As a country with the largest nickel reserves in the world, Indonesia attracts many foreign companies to open and expand its factories in Indonesia, especially after the government signed a regulation banning the export of unprocessed nickel and bauxite ores, one of which is Tesla. This news was confirmed by the Minister of Industry, Agus Gumiwang. He stated that based on the ongoing discussions between Tesla and the government, they would direct their battery factory to Batang, Central Java.




In case you did not know, nickel is a critical ingredient in making batteries for Tesla electric cars. As the most crucial metal in lithium-ion batteries used to power EVs, Nickel is set to play a vital role in the world's low-carbon future. However, what nickel gives with one hand, it takes away with the other. Cited from Verisk Maplecroft, notable international affairs focus on human rights, sustainability, and ESG issues, Nickel intensive processing uses more energy, pollutes more water, and negatively impacts biodiversity. 

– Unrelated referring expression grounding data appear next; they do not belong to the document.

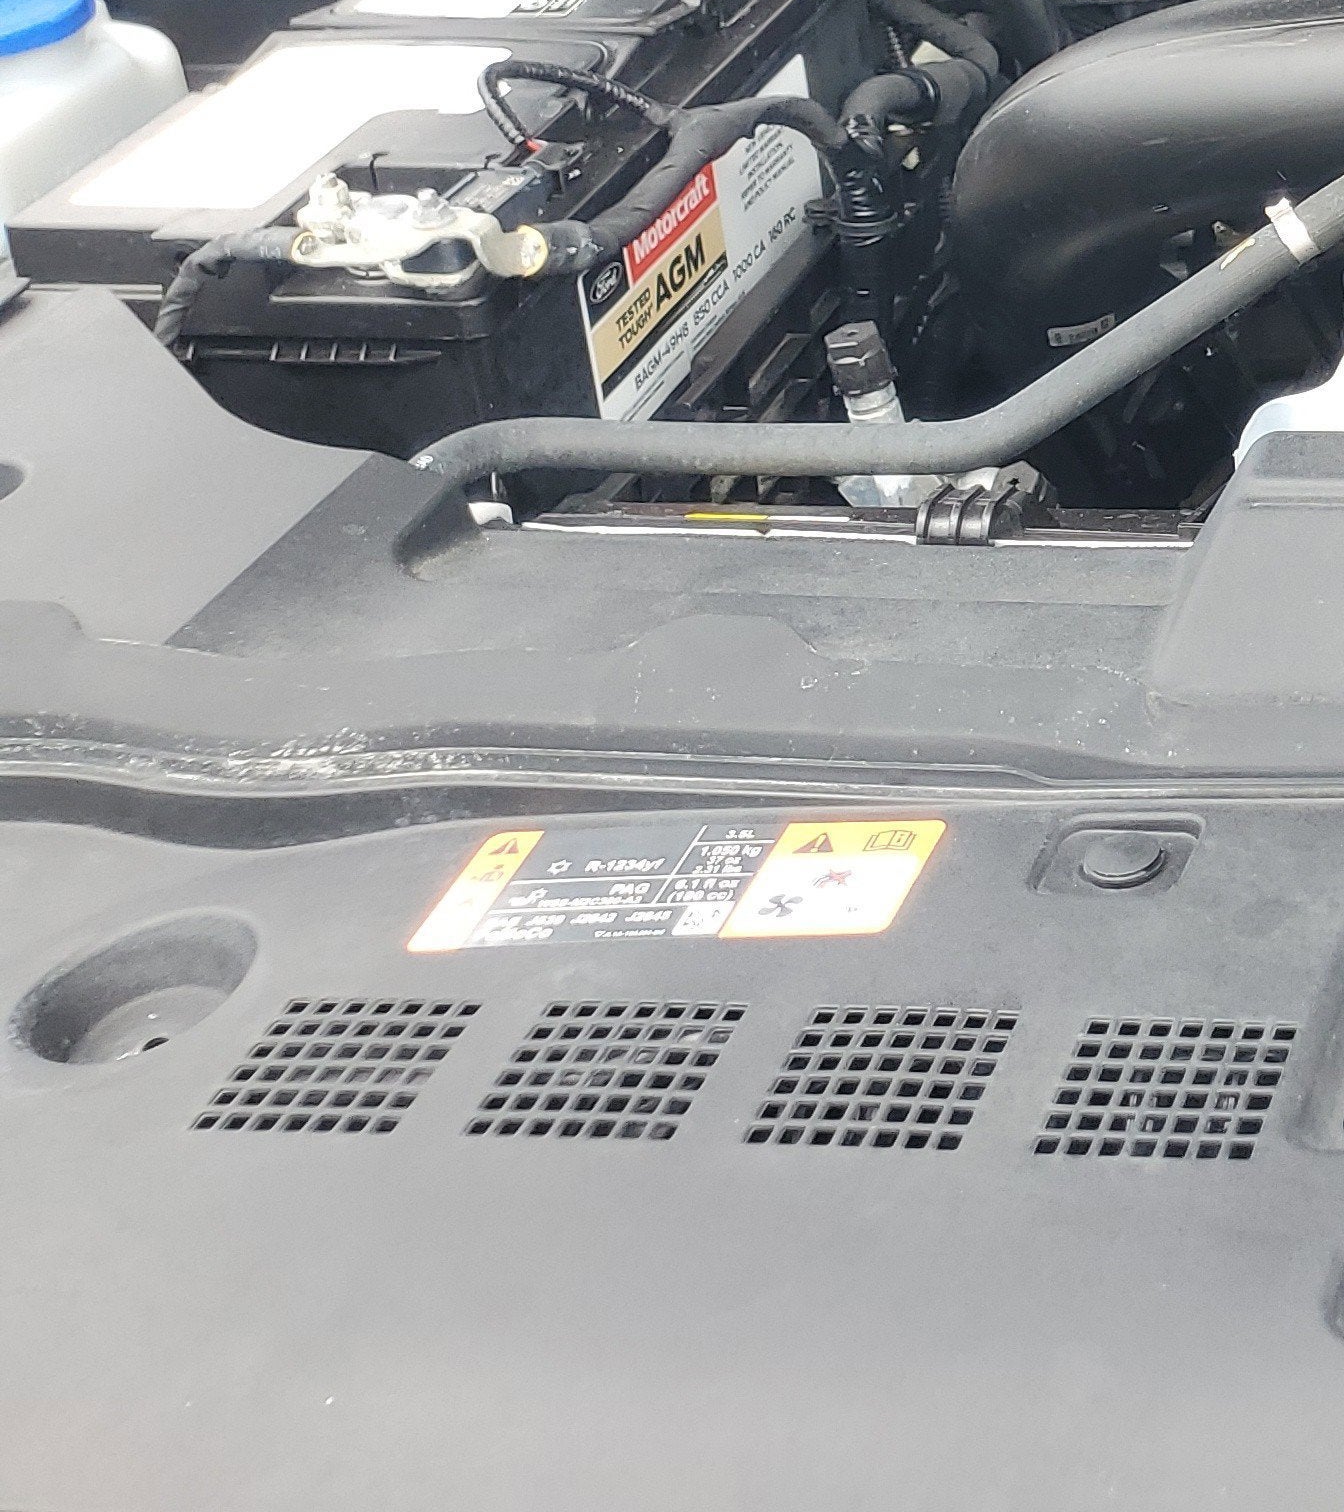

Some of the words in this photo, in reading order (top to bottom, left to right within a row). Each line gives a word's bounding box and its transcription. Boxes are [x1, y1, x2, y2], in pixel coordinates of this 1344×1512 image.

[632, 173, 710, 264] Motorcraft
[656, 233, 705, 311] AGM
[692, 298, 711, 326] 850
[711, 279, 730, 306] CCA
[732, 252, 753, 282] 1000
[753, 239, 766, 260] CA
[783, 206, 796, 227] RC
[615, 288, 650, 331] TESTED
[741, 845, 762, 857] kg
[585, 857, 666, 873] R-1234yf
[608, 882, 651, 896] PAG
[719, 879, 740, 889] oz
[706, 889, 734, 901] cc)

On 11 January 2014, Indonesian former President Yudhoyono signed a regulation banning the export of unprocessed nickel and bauxite ores. The ban was rolled back in 2017. Still, the deadline was moved back to January 2020. With this export ban, the government intended for Indonesian firms to enter the supply chain for lithium batteries, which utilizes nickel in its production. 


Luhut Pandjaitan said that Indonesia's large nickel reserves were one reason Tesla wanted to build a factory; CNBC Indonesia stated that President Jokowi had previously ordered the clearing of 4,000 hectares of land PTPN IX in Batang. 

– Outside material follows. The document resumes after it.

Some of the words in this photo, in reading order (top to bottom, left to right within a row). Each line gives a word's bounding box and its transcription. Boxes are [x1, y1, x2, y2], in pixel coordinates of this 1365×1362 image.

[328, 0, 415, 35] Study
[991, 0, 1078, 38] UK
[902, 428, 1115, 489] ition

The first phase is opened with an area of 450 hectares so that the hope is that Indonesia will be more competitive in welcoming investors with good and competitive services. As reported from detik, Tesla is predicted to produce electric cars will amount to 3.8 million units in 2025. Some even say that the figure of 5 million units depends on the development of factories they are doing in several countries. 


The average Tesla car needs 55 kg of nickel (for comparison, the Tesla Model S needs about 75 kg of nickel for its battery) to meet the 5 million electric car production needs in 2025. In that case, they will need 275 million kg (275,000 tons) of nickel; that's a considerable amount of nickel.




In a conference call for Tesla Q2 meeting, Tesla's chief executive Elon Musk has said he plans to offer a "giant contract for a long period of time" as long as the nickel is mined "efficiently and in an environmentally sensitive way." 


That being said, back In 2017, Philippines, the world's second-biggest nickel producer, ordered the closure of 23 mines, mainly nickel producers that account for about half of the world's top nickel ore supplier. These mines were accountable for polluting rivers, wells, and farmland, exacerbated by water scarcity. 




According to the study from Verisk Maplecroft, Nickel production uses more energy as vast amounts of energy are consumed during mining, drying, acid leaching, and refining. Laterite production also requires acid leaching, consuming sulphuric acid and ammonia, threatening the surrounding water quality and biodiversity. 


While the government's goal is to boost economic growth, that goal must be balanced with respect for our environment. It only makes sense that vehicles that plan to reduce carbon emissions are manufactured sustainably. Otherwise, as the activist Pius Ginting says, "the net result is we have clear air in our cities, but then we destroy a rich biodiversity area."